Please retype the entries that follow exactly as they are, leaving the images behind.
+++ Data records
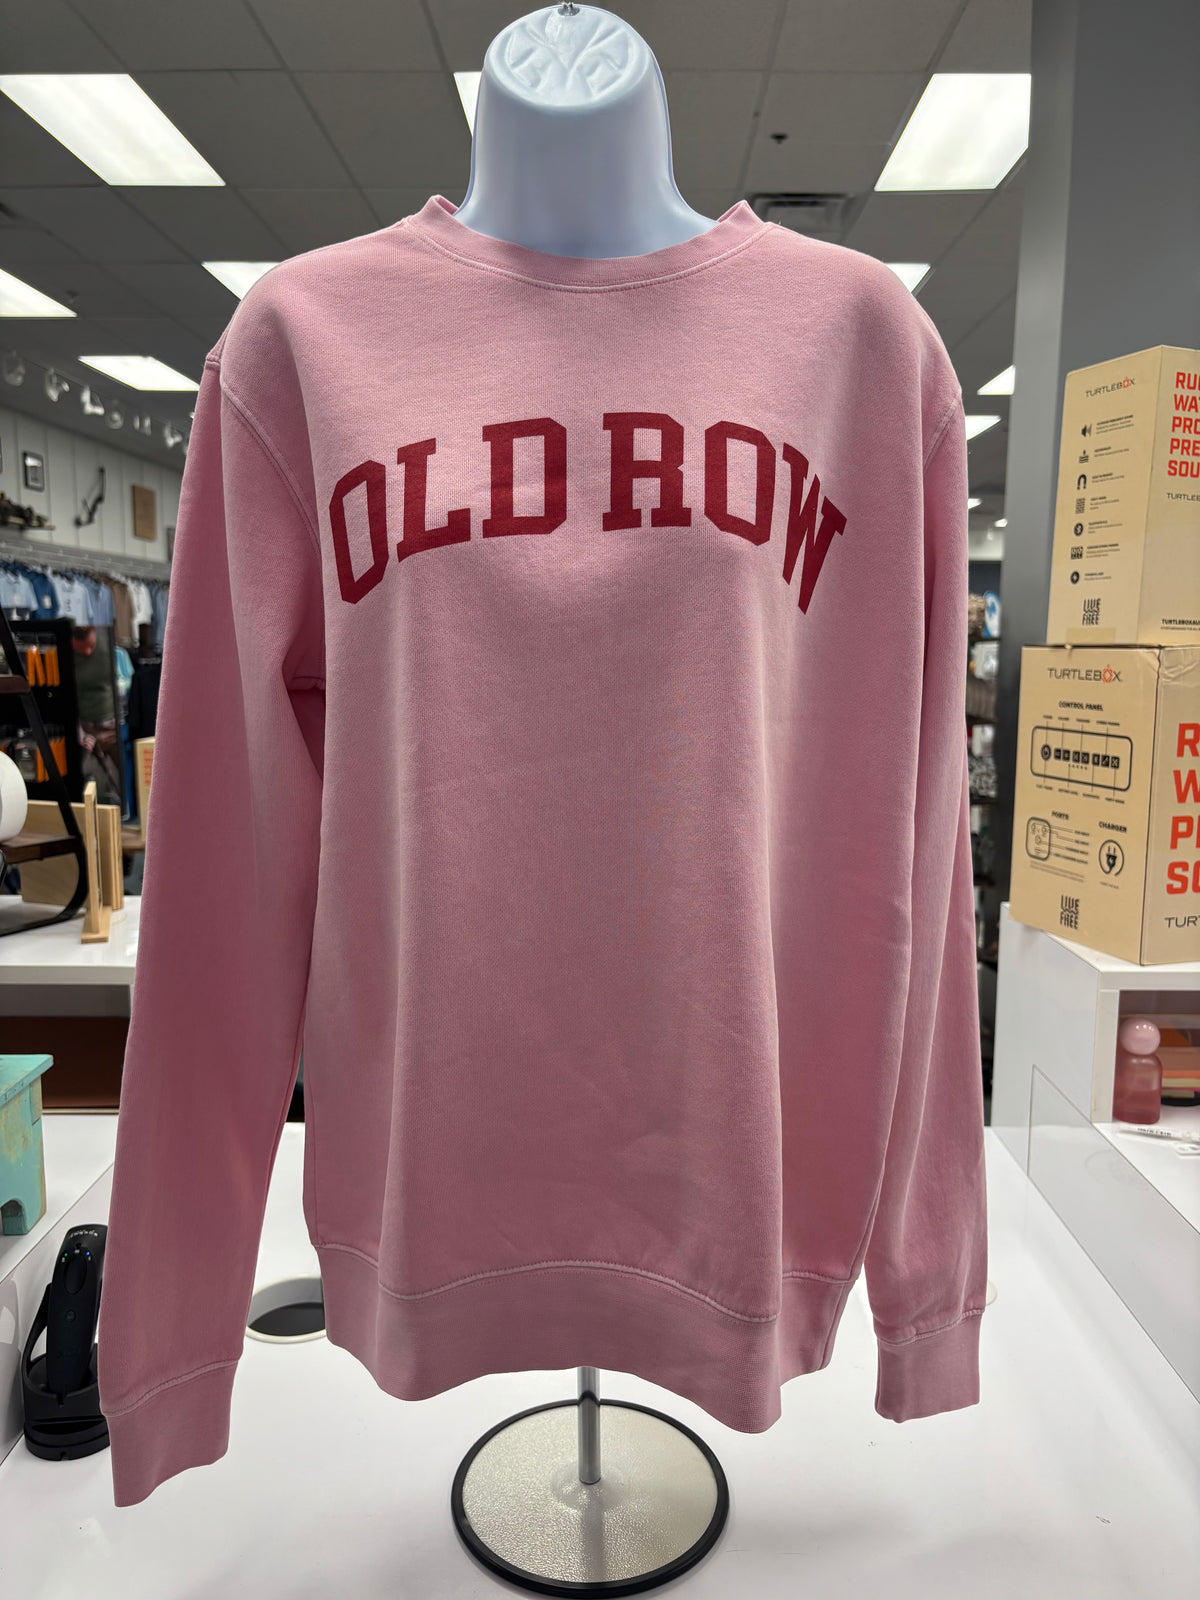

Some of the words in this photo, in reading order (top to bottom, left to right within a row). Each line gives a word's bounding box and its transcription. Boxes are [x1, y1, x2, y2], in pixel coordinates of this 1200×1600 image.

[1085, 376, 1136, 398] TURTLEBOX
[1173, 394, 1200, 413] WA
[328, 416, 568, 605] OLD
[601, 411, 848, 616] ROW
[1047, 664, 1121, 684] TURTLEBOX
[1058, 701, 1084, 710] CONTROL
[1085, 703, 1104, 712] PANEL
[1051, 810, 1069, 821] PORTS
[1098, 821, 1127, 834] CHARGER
++++++
### Response
Some of the words in this photo, in reading order (top to bottom, left to right within a row). Each line gives a word's bounding box and its transcription. Boxes are [x1, y1, x2, y2], in pixel coordinates of this 1200×1600 image.

[1085, 376, 1136, 398] TURTLEBOX
[1173, 394, 1200, 413] WA
[328, 416, 568, 605] OLD
[601, 411, 848, 616] ROW
[1047, 664, 1121, 684] TURTLEBOX
[1058, 701, 1084, 710] CONTROL
[1085, 703, 1104, 712] PANEL
[1051, 810, 1069, 821] PORTS
[1098, 821, 1127, 834] CHARGER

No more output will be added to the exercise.